* _Task to carry out_
Retype the listing below, keeping every line the same.

* _Provided material_
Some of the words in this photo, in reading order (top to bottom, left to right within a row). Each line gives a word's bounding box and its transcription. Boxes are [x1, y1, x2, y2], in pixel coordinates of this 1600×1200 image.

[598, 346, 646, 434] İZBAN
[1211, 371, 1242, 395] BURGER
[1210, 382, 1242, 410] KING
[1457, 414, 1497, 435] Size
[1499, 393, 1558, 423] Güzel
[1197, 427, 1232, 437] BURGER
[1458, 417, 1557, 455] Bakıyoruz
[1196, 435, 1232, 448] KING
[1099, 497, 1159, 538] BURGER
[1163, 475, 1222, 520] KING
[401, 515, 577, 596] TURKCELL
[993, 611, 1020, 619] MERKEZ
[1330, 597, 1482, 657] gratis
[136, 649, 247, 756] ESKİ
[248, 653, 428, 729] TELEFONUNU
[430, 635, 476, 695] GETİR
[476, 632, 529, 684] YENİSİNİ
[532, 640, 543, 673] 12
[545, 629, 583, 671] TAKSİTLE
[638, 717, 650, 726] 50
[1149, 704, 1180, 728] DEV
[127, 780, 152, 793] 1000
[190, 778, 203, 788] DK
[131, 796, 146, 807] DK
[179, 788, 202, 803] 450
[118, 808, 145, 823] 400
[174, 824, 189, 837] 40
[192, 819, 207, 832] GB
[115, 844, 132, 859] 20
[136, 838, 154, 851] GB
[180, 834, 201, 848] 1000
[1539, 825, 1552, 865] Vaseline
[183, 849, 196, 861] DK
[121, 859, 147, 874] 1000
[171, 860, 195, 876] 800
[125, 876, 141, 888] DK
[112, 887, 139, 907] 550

* _Solved problem_
Some of the words in this photo, in reading order (top to bottom, left to right within a row). Each line gives a word's bounding box and its transcription. Boxes are [x1, y1, x2, y2], in pixel coordinates of this 1600×1200 image.

[598, 346, 646, 434] İZBAN
[1211, 371, 1242, 395] BURGER
[1210, 382, 1242, 410] KING
[1457, 414, 1497, 435] Size
[1499, 393, 1558, 423] Güzel
[1197, 427, 1232, 437] BURGER
[1458, 417, 1557, 455] Bakıyoruz
[1196, 435, 1232, 448] KING
[1099, 497, 1159, 538] BURGER
[1163, 475, 1222, 520] KING
[401, 515, 577, 596] TURKCELL
[993, 611, 1020, 619] MERKEZ
[1330, 597, 1482, 657] gratis
[136, 649, 247, 756] ESKİ
[248, 653, 428, 729] TELEFONUNU
[430, 635, 476, 695] GETİR
[476, 632, 529, 684] YENİSİNİ
[532, 640, 543, 673] 12
[545, 629, 583, 671] TAKSİTLE
[638, 717, 650, 726] 50
[1149, 704, 1180, 728] DEV
[127, 780, 152, 793] 1000
[190, 778, 203, 788] DK
[131, 796, 146, 807] DK
[179, 788, 202, 803] 450
[118, 808, 145, 823] 400
[174, 824, 189, 837] 40
[192, 819, 207, 832] GB
[115, 844, 132, 859] 20
[136, 838, 154, 851] GB
[180, 834, 201, 848] 1000
[1539, 825, 1552, 865] Vaseline
[183, 849, 196, 861] DK
[121, 859, 147, 874] 1000
[171, 860, 195, 876] 800
[125, 876, 141, 888] DK
[112, 887, 139, 907] 550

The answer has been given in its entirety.